■ What you will do ■
Your copy must hold every line of the records word for word. It must hold no pictures.

■ Supplied records ■
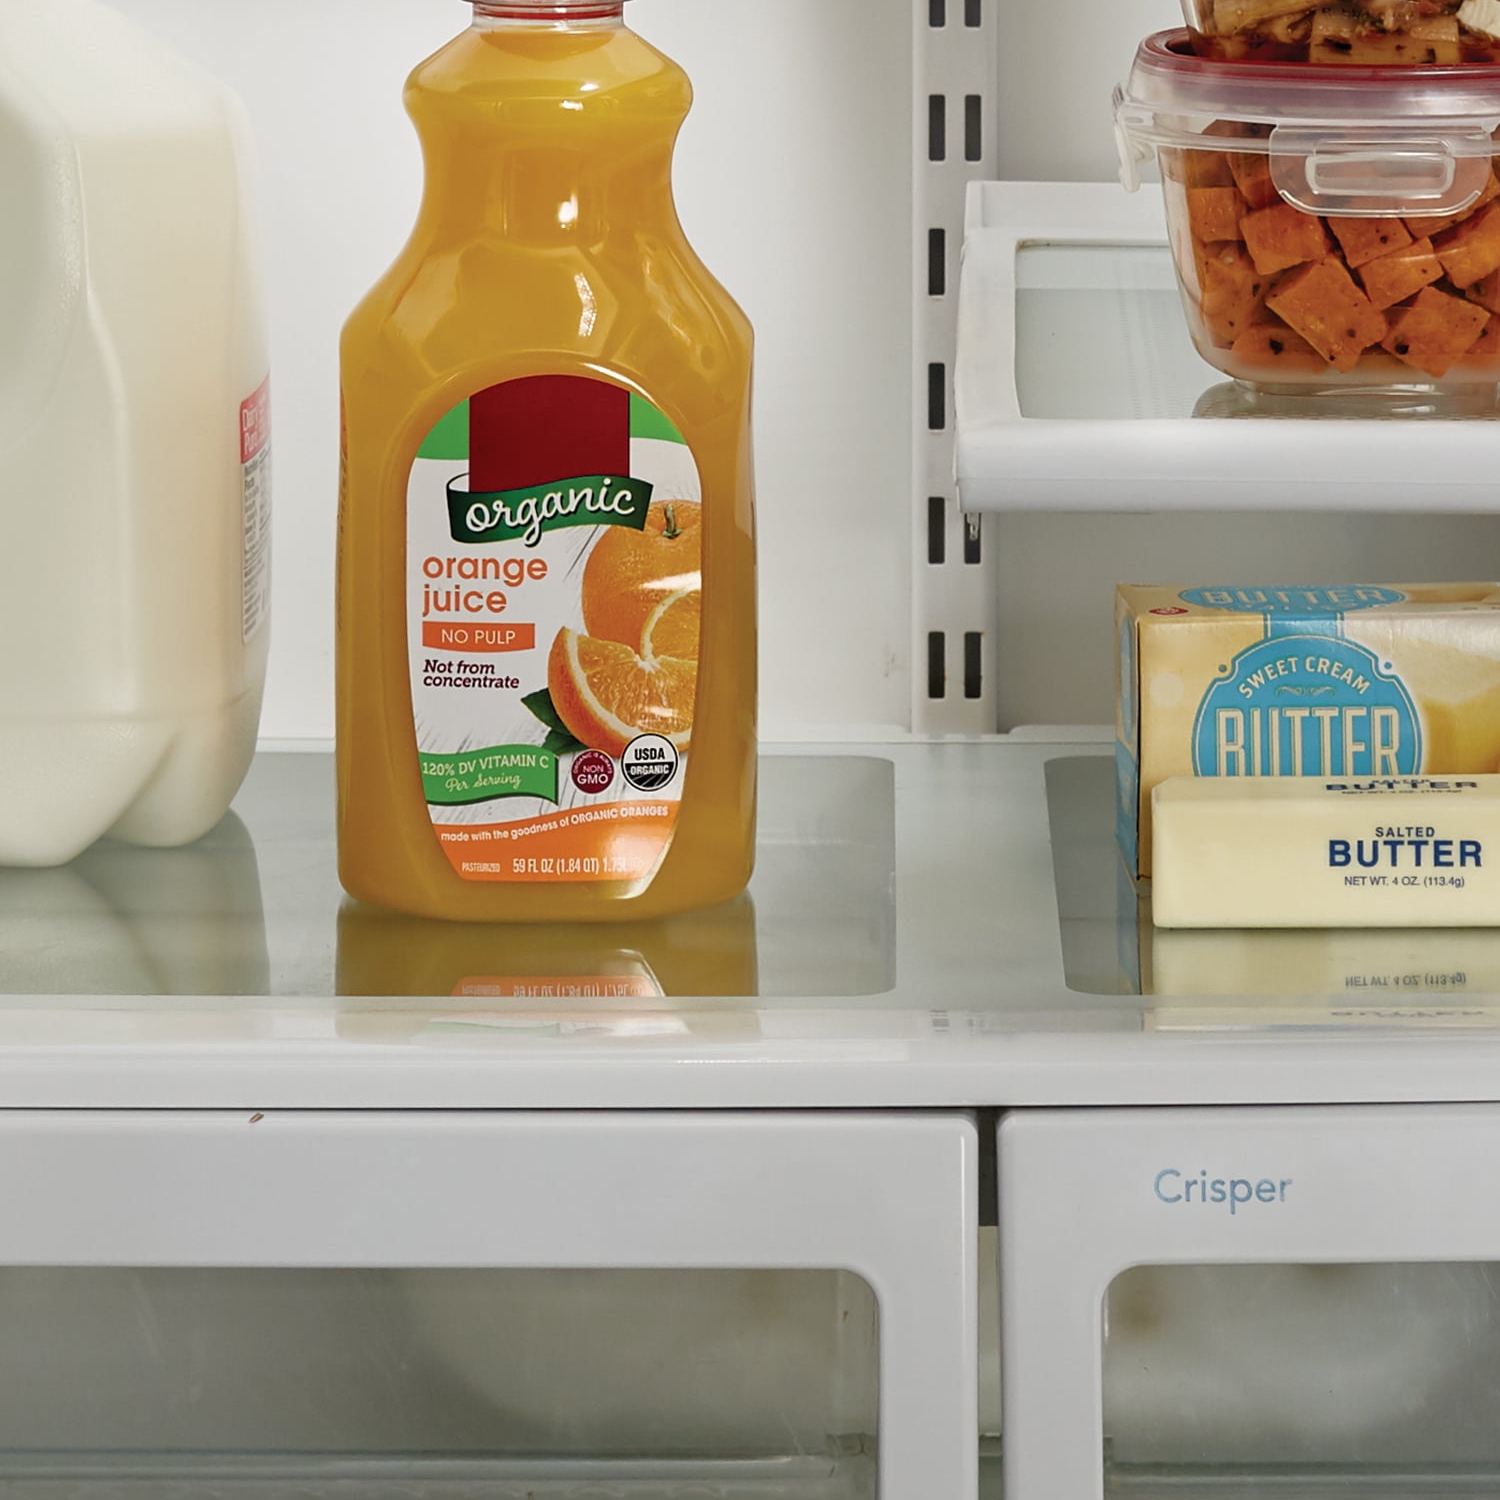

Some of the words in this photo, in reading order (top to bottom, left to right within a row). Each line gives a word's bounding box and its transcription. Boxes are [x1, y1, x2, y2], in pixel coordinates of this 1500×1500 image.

[466, 478, 635, 546] organic
[422, 556, 548, 587] orange
[422, 584, 507, 617] juice
[1201, 589, 1387, 604] BUTTER
[441, 629, 469, 644] NO
[474, 630, 516, 645] PULP
[423, 659, 453, 674] Not
[456, 660, 495, 675] from
[423, 675, 520, 689] concentrate
[1238, 657, 1299, 699] SWEET
[1305, 656, 1371, 695] CREAM
[1216, 706, 1401, 777] BUTTER
[634, 747, 666, 761] USDA
[422, 762, 456, 776] 120%
[458, 760, 477, 775] DV
[478, 755, 537, 769] VITAMIN
[539, 755, 549, 769] C
[583, 764, 604, 773] NON
[630, 764, 670, 776] ORGANIC
[445, 776, 469, 793] Per
[472, 773, 522, 790] Serving
[577, 773, 609, 785] GMO
[1326, 781, 1478, 791] BUTTER
[441, 831, 469, 842] made
[471, 829, 491, 841] with
[493, 829, 509, 840] the
[510, 821, 558, 840] goodness
[559, 817, 570, 828] of
[570, 807, 618, 825] ORGANIC
[619, 806, 669, 818] ORANGES
[1375, 826, 1435, 838] SALTED
[1329, 840, 1482, 868] BUTTER
[461, 862, 501, 873] PASTEURIZED
[513, 858, 526, 873] 59
[527, 858, 538, 873] FL
[541, 858, 554, 873] OZ
[556, 857, 581, 875] (1.84
[582, 857, 600, 875] QT)
[1344, 876, 1367, 886] NET
[1369, 876, 1389, 886] WT.
[1392, 876, 1399, 886] 4
[1401, 876, 1421, 886] OZ.
[1423, 876, 1465, 888] (113.4g)
[1153, 1168, 1293, 1215] Crisper
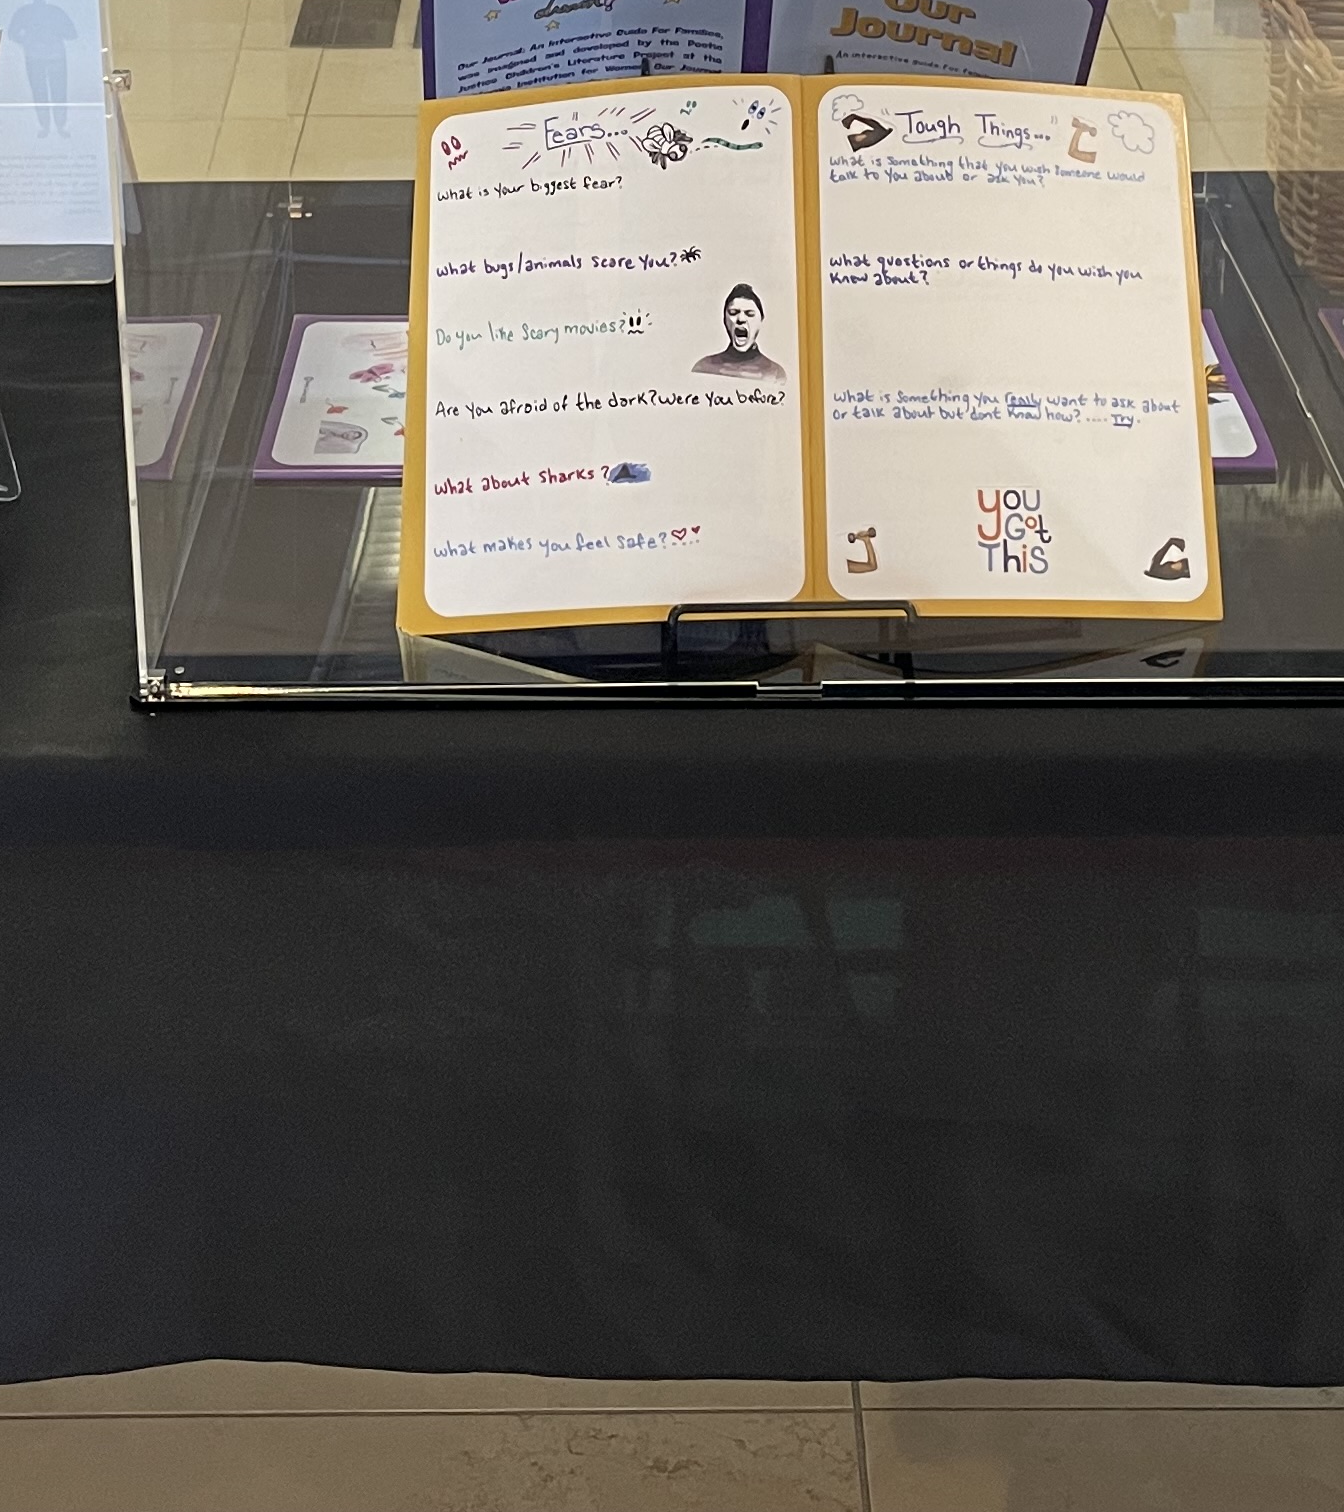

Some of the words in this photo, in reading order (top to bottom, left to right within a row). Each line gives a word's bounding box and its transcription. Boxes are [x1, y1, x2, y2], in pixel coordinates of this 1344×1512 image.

[830, 7, 1018, 68] Journal
[458, 61, 478, 71] Our
[530, 44, 545, 52] An
[458, 71, 479, 81] was
[545, 49, 565, 59] and
[573, 40, 629, 55] developed
[638, 39, 652, 47] by
[836, 50, 849, 59] An
[458, 78, 497, 93] Justice
[568, 53, 625, 67] Literature
[704, 54, 722, 64] the
[581, 65, 598, 75] for
[830, 168, 858, 183] talk
[864, 168, 879, 181] to
[914, 170, 953, 182] about
[963, 173, 978, 182] or
[987, 173, 1010, 184] ask
[871, 157, 882, 167] is
[959, 156, 987, 171] that
[1021, 164, 1050, 175] wish
[1107, 172, 1144, 183] would
[478, 185, 489, 197] is
[530, 177, 576, 196] biggest
[583, 175, 623, 190] fear?
[873, 270, 929, 286] about?
[959, 258, 973, 269] or
[977, 255, 1021, 279] things
[1029, 260, 1043, 274] do
[1048, 263, 1074, 281] you
[1078, 266, 1112, 278] wish
[1116, 270, 1143, 286] you
[436, 328, 451, 345] Do
[456, 330, 482, 350] you
[489, 321, 513, 342] like
[564, 319, 625, 335] movies?
[435, 400, 459, 417] Are
[553, 395, 567, 412] of
[576, 392, 602, 410] the
[736, 389, 785, 407] before?
[855, 406, 884, 420] talk
[893, 406, 934, 420] about
[940, 406, 963, 419] but
[880, 390, 891, 402] is
[1005, 390, 1042, 412] really
[1046, 394, 1087, 407] want
[1094, 393, 1106, 406] to
[1111, 398, 1136, 409] ask
[1142, 398, 1181, 413] about
[481, 471, 529, 491] about
[483, 536, 532, 553] makes
[539, 539, 572, 557] you
[576, 533, 609, 551] feel
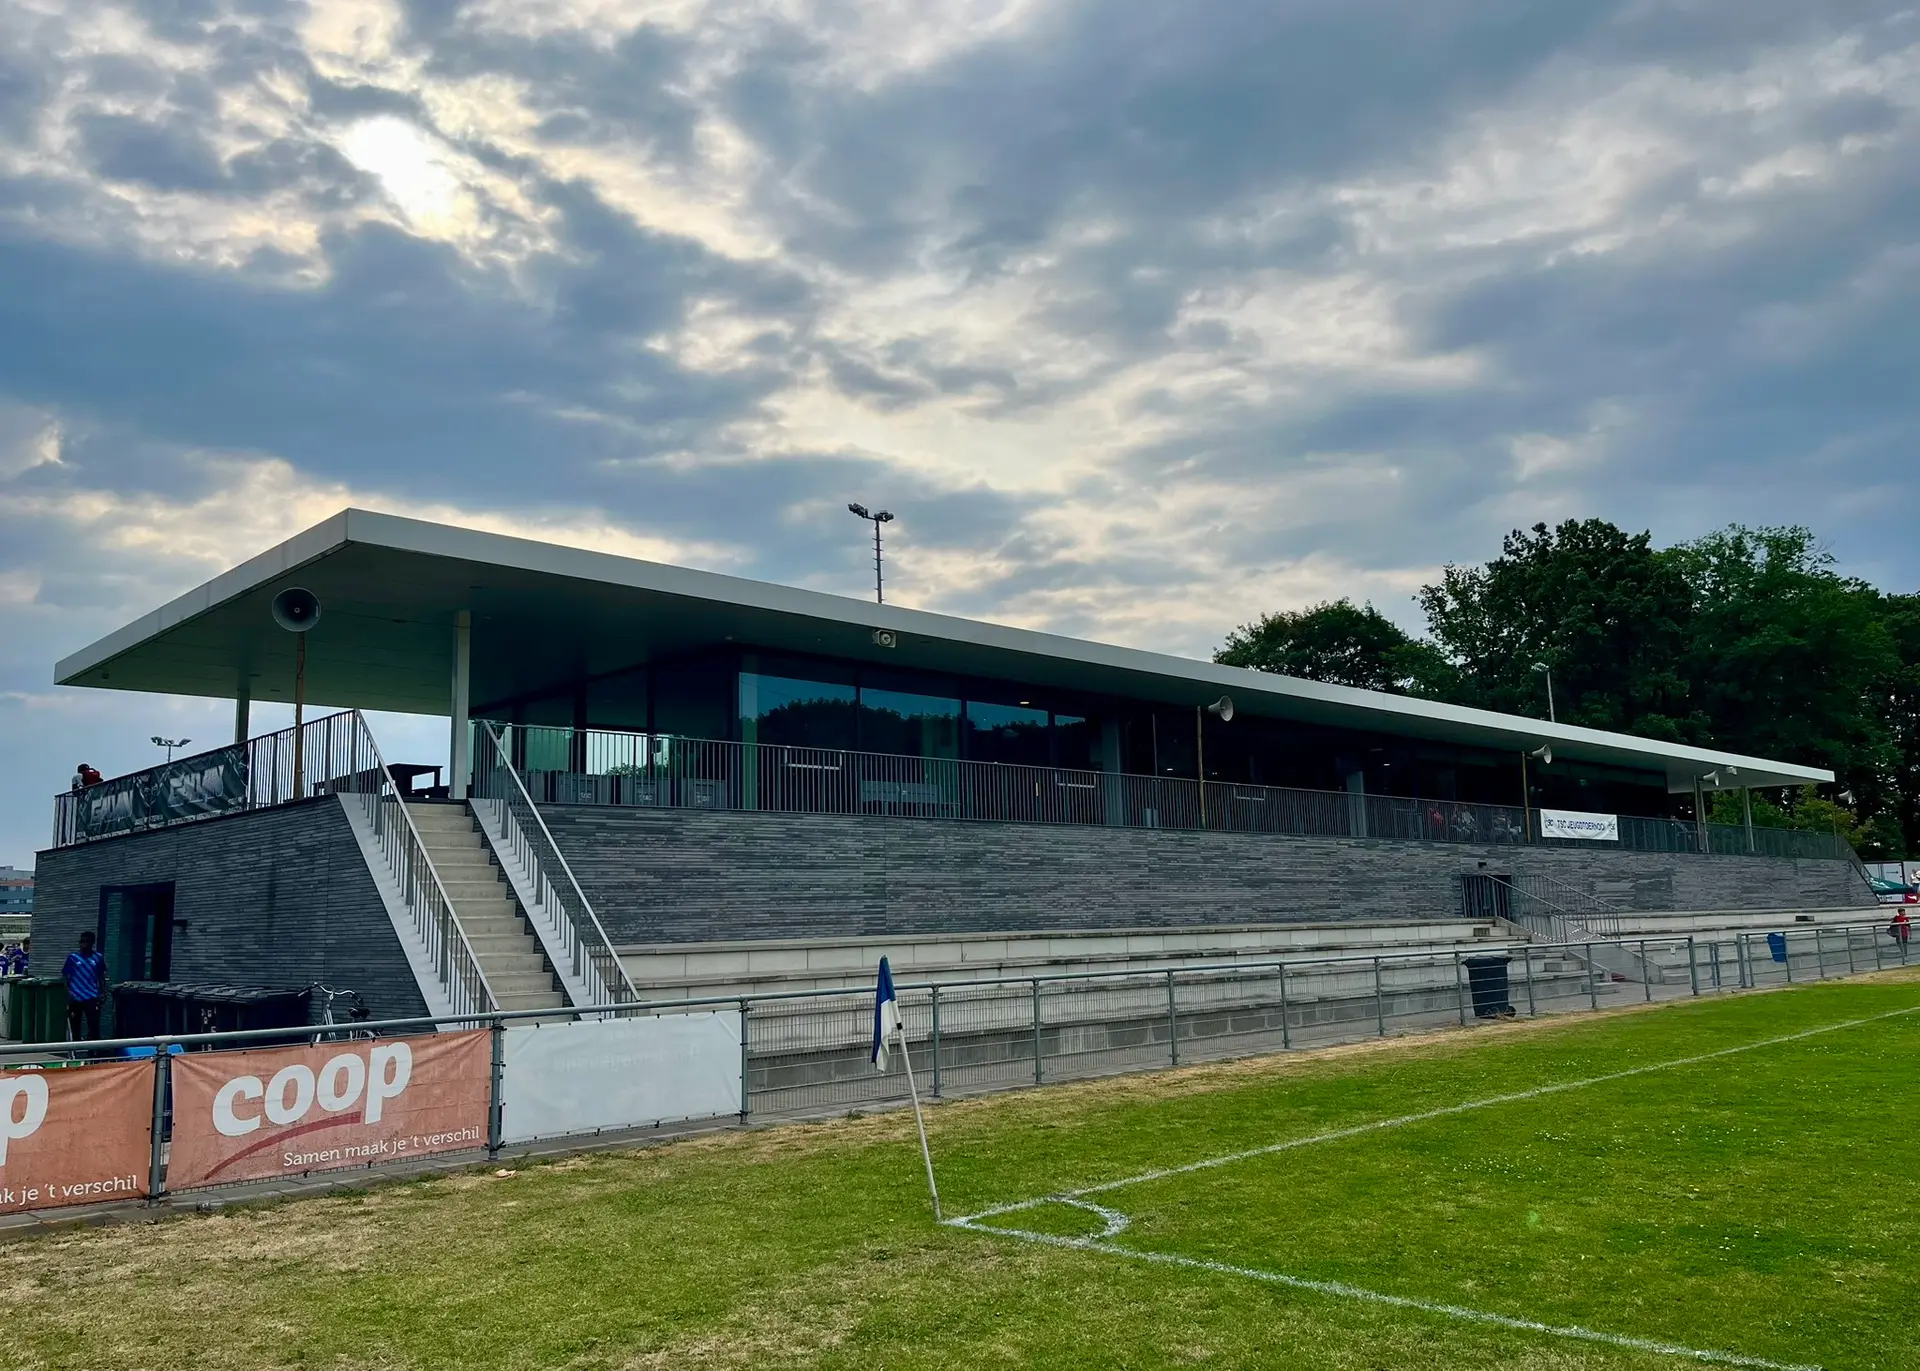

■ Result ■
Some of the words in this photo, in reading order (top to bottom, left to right within a row). Each line gives a word's bounding box and its transcription. Boxes are [x1, y1, x2, y2], in pixel coordinates of this 1500×1500 image.

[466, 478, 635, 546] organic
[422, 556, 548, 587] orange
[422, 584, 507, 617] juice
[1201, 589, 1387, 604] BUTTER
[441, 629, 469, 644] NO
[474, 630, 516, 645] PULP
[423, 659, 453, 674] Not
[456, 660, 495, 675] from
[423, 675, 520, 689] concentrate
[1238, 657, 1299, 699] SWEET
[1305, 656, 1371, 695] CREAM
[1216, 706, 1401, 777] BUTTER
[634, 747, 666, 761] USDA
[422, 762, 456, 776] 120%
[458, 760, 477, 775] DV
[478, 755, 537, 769] VITAMIN
[539, 755, 549, 769] C
[583, 764, 604, 773] NON
[630, 764, 670, 776] ORGANIC
[445, 776, 469, 793] Per
[472, 773, 522, 790] Serving
[577, 773, 609, 785] GMO
[1326, 781, 1478, 791] BUTTER
[441, 831, 469, 842] made
[471, 829, 491, 841] with
[493, 829, 509, 840] the
[510, 821, 558, 840] goodness
[559, 817, 570, 828] of
[570, 807, 618, 825] ORGANIC
[619, 806, 669, 818] ORANGES
[1375, 826, 1435, 838] SALTED
[1329, 840, 1482, 868] BUTTER
[461, 862, 501, 873] PASTEURIZED
[513, 858, 526, 873] 59
[527, 858, 538, 873] FL
[541, 858, 554, 873] OZ
[556, 857, 581, 875] (1.84
[582, 857, 600, 875] QT)
[1344, 876, 1367, 886] NET
[1369, 876, 1389, 886] WT.
[1392, 876, 1399, 886] 4
[1401, 876, 1421, 886] OZ.
[1423, 876, 1465, 888] (113.4g)
[1153, 1168, 1293, 1215] Crisper

Some of the words in this photo, in reading order (top to bottom, left to right within a row). Each line gives a word's bounding box and its transcription. Boxes are [x1, y1, x2, y2], in pixel coordinates of this 1344×1512 image.

[830, 7, 1018, 68] Journal
[458, 61, 478, 71] Our
[530, 44, 545, 52] An
[458, 71, 479, 81] was
[545, 49, 565, 59] and
[573, 40, 629, 55] developed
[638, 39, 652, 47] by
[836, 50, 849, 59] An
[458, 78, 497, 93] Justice
[568, 53, 625, 67] Literature
[704, 54, 722, 64] the
[581, 65, 598, 75] for
[830, 168, 858, 183] talk
[864, 168, 879, 181] to
[914, 170, 953, 182] about
[963, 173, 978, 182] or
[987, 173, 1010, 184] ask
[871, 157, 882, 167] is
[959, 156, 987, 171] that
[1021, 164, 1050, 175] wish
[1107, 172, 1144, 183] would
[478, 185, 489, 197] is
[530, 177, 576, 196] biggest
[583, 175, 623, 190] fear?
[873, 270, 929, 286] about?
[959, 258, 973, 269] or
[977, 255, 1021, 279] things
[1029, 260, 1043, 274] do
[1048, 263, 1074, 281] you
[1078, 266, 1112, 278] wish
[1116, 270, 1143, 286] you
[436, 328, 451, 345] Do
[456, 330, 482, 350] you
[489, 321, 513, 342] like
[564, 319, 625, 335] movies?
[435, 400, 459, 417] Are
[553, 395, 567, 412] of
[576, 392, 602, 410] the
[736, 389, 785, 407] before?
[855, 406, 884, 420] talk
[893, 406, 934, 420] about
[940, 406, 963, 419] but
[880, 390, 891, 402] is
[1005, 390, 1042, 412] really
[1046, 394, 1087, 407] want
[1094, 393, 1106, 406] to
[1111, 398, 1136, 409] ask
[1142, 398, 1181, 413] about
[481, 471, 529, 491] about
[483, 536, 532, 553] makes
[539, 539, 572, 557] you
[576, 533, 609, 551] feel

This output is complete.